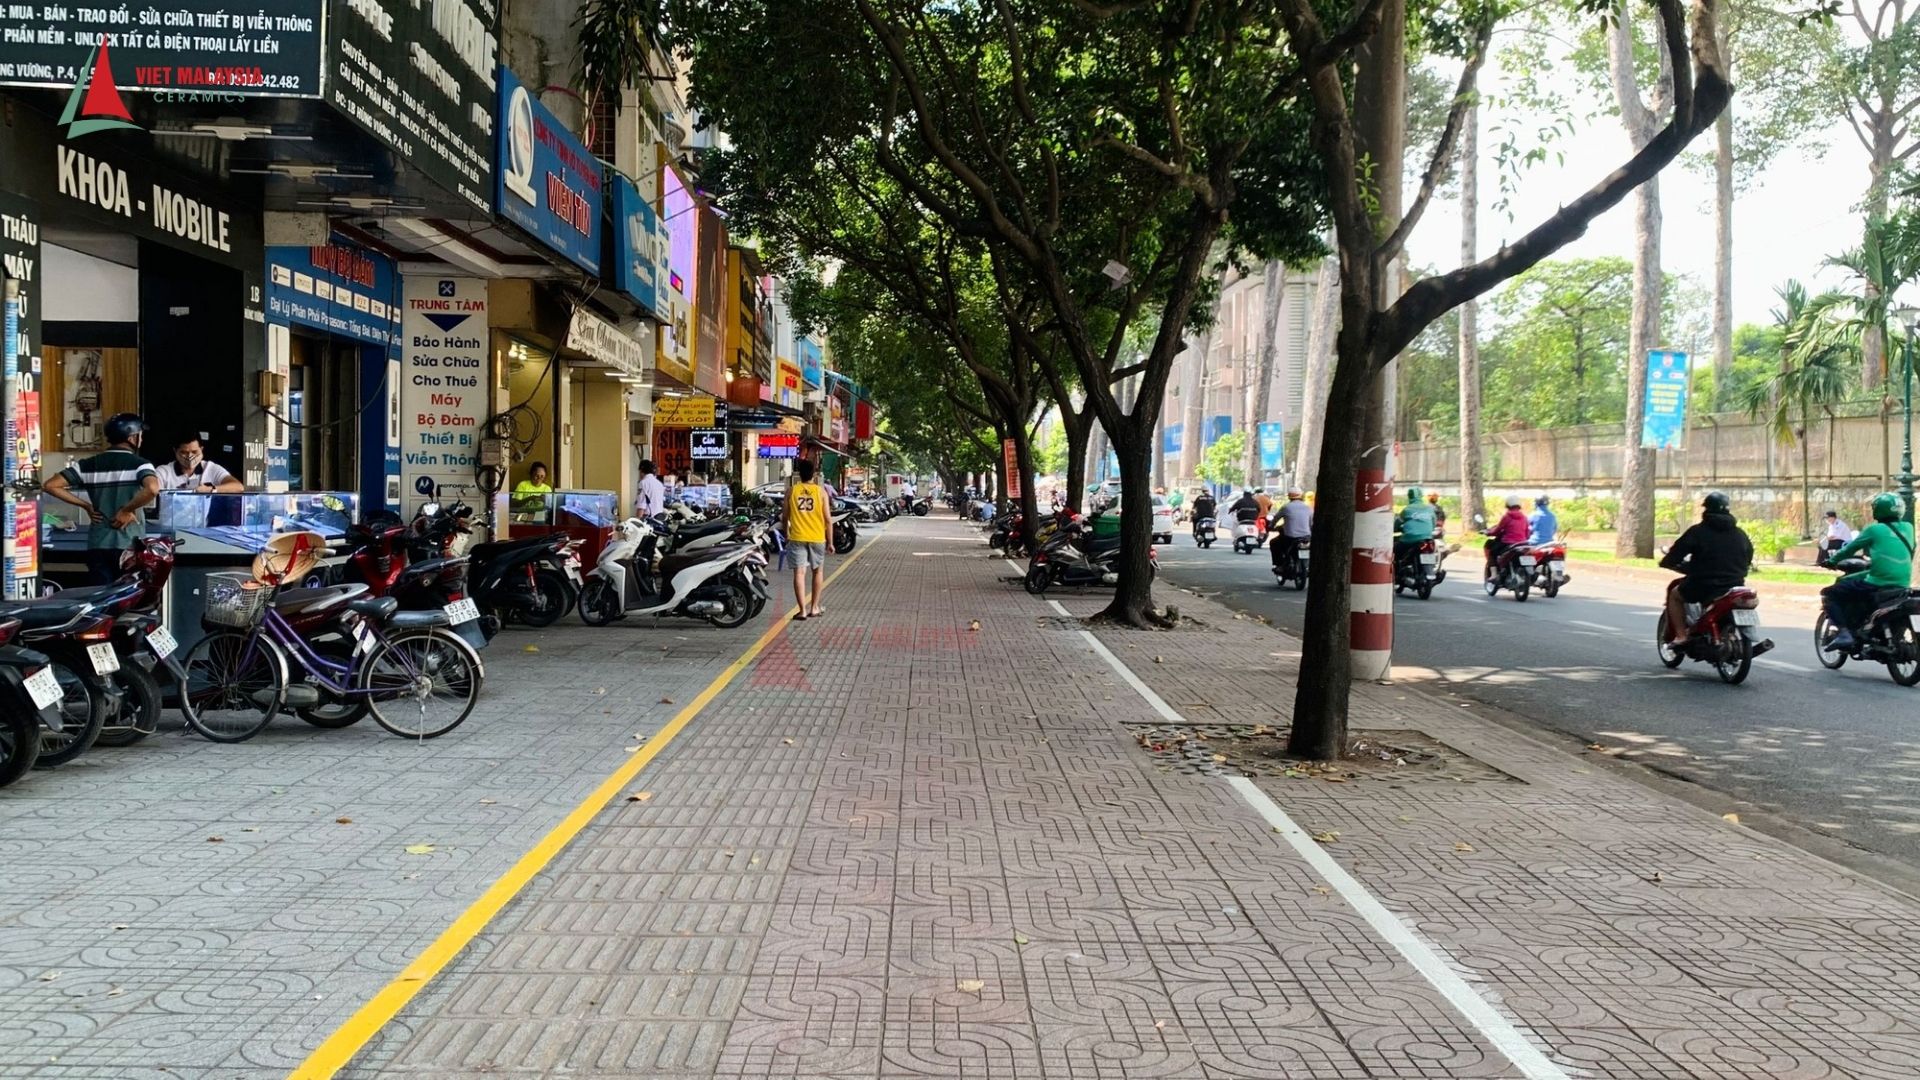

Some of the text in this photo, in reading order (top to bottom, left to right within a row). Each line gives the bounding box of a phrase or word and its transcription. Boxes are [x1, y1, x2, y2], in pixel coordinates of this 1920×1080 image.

[9, 5, 34, 19] MUA
[44, 4, 67, 21] BÁN
[77, 8, 107, 23] TRAO
[110, 3, 129, 24] ĐỔI
[139, 6, 161, 25] SỬA
[164, 9, 194, 27] CHỮA
[197, 9, 229, 28] THIẾT
[232, 14, 244, 32] BỊ
[247, 10, 273, 30] VIỄN
[275, 14, 313, 32] THÔNG
[4, 23, 34, 43] PHẦN
[37, 24, 65, 45] MỀM
[122, 29, 143, 48] TẤT
[146, 30, 161, 49] CẢ
[164, 32, 191, 52] ĐIỆN
[194, 36, 226, 54] THOẠI
[229, 33, 250, 53] LẤY
[253, 34, 279, 54] LIỀN
[409, 41, 461, 106] SAMSUNG
[57, 144, 132, 218] KHOA
[153, 184, 231, 253] MOBILE
[1, 213, 38, 247] THÂU
[4, 250, 33, 282] MÁY
[250, 285, 260, 303] 1B
[409, 298, 484, 311] TRUNG TÂM
[413, 334, 440, 348] Bảo
[444, 336, 480, 349] Hành
[412, 354, 480, 368] Sửa Chữa
[412, 374, 478, 387] Cho Thuê
[431, 393, 462, 407] Máy
[417, 413, 475, 428] Bộ Đàm
[245, 438, 263, 459] THÂU
[419, 431, 472, 448] Thiết Bị
[660, 430, 687, 449] SIM
[405, 450, 437, 465] Viễn
[246, 466, 262, 487] MÁY
[797, 496, 814, 511] 23
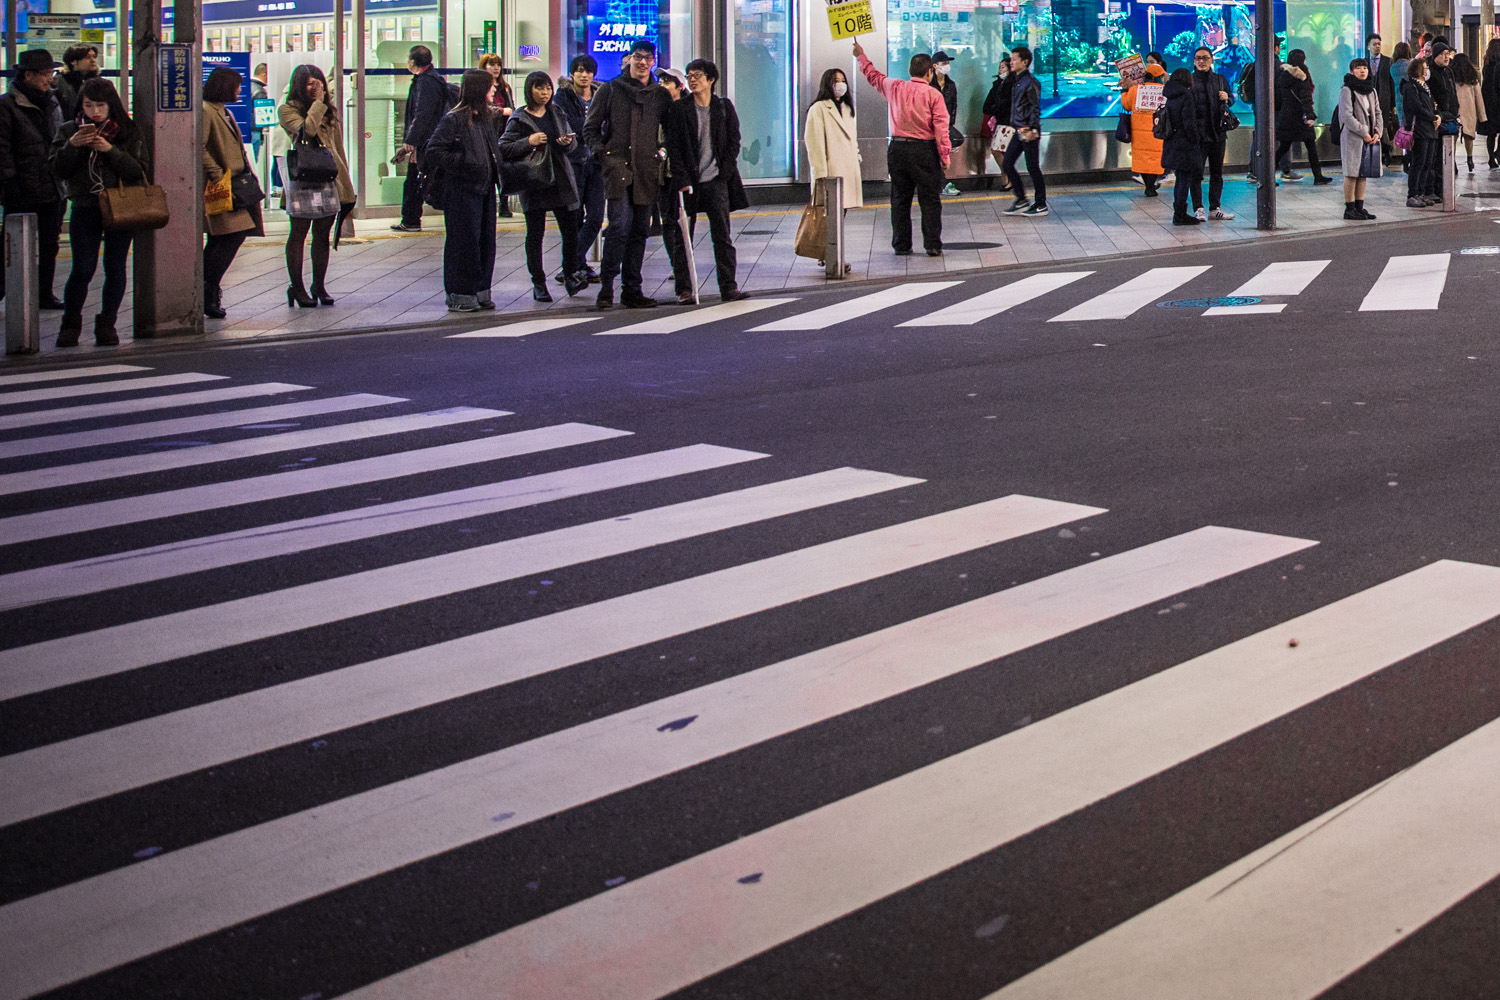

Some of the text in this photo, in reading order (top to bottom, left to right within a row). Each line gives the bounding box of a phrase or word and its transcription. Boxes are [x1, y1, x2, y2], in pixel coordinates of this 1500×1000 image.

▬▬▬

**EXERCISE PROMPT**
Give back every entry in full, exactly as written, with no picture included.

**ANSWER SPACE**
Some of the text in this photo, in reading order (top to bottom, left to right within a row). Each line gives the bounding box of a phrase or word and its transcription. Boxes are [x1, y1, x2, y2], in pixel coordinates of this 1920×1080 image.

[9, 5, 34, 19] MUA
[44, 4, 67, 21] BÁN
[77, 8, 107, 23] TRAO
[110, 3, 129, 24] ĐỔI
[139, 6, 161, 25] SỬA
[164, 9, 194, 27] CHỮA
[197, 9, 229, 28] THIẾT
[232, 14, 244, 32] BỊ
[247, 10, 273, 30] VIỄN
[275, 14, 313, 32] THÔNG
[4, 23, 34, 43] PHẦN
[37, 24, 65, 45] MỀM
[122, 29, 143, 48] TẤT
[146, 30, 161, 49] CẢ
[164, 32, 191, 52] ĐIỆN
[194, 36, 226, 54] THOẠI
[229, 33, 250, 53] LẤY
[253, 34, 279, 54] LIỀN
[409, 41, 461, 106] SAMSUNG
[57, 144, 132, 218] KHOA
[153, 184, 231, 253] MOBILE
[1, 213, 38, 247] THÂU
[4, 250, 33, 282] MÁY
[250, 285, 260, 303] 1B
[409, 298, 484, 311] TRUNG TÂM
[413, 334, 440, 348] Bảo
[444, 336, 480, 349] Hành
[412, 354, 480, 368] Sửa Chữa
[412, 374, 478, 387] Cho Thuê
[431, 393, 462, 407] Máy
[417, 413, 475, 428] Bộ Đàm
[245, 438, 263, 459] THÂU
[419, 431, 472, 448] Thiết Bị
[660, 430, 687, 449] SIM
[405, 450, 437, 465] Viễn
[246, 466, 262, 487] MÁY
[797, 496, 814, 511] 23

Some of the text in this photo, in reading order (top to bottom, left to right within a row). Each line gives the bounding box of a phrase or word and its transcription. Boxes are [x1, y1, x2, y2], in pixel coordinates of this 1500×1000 image.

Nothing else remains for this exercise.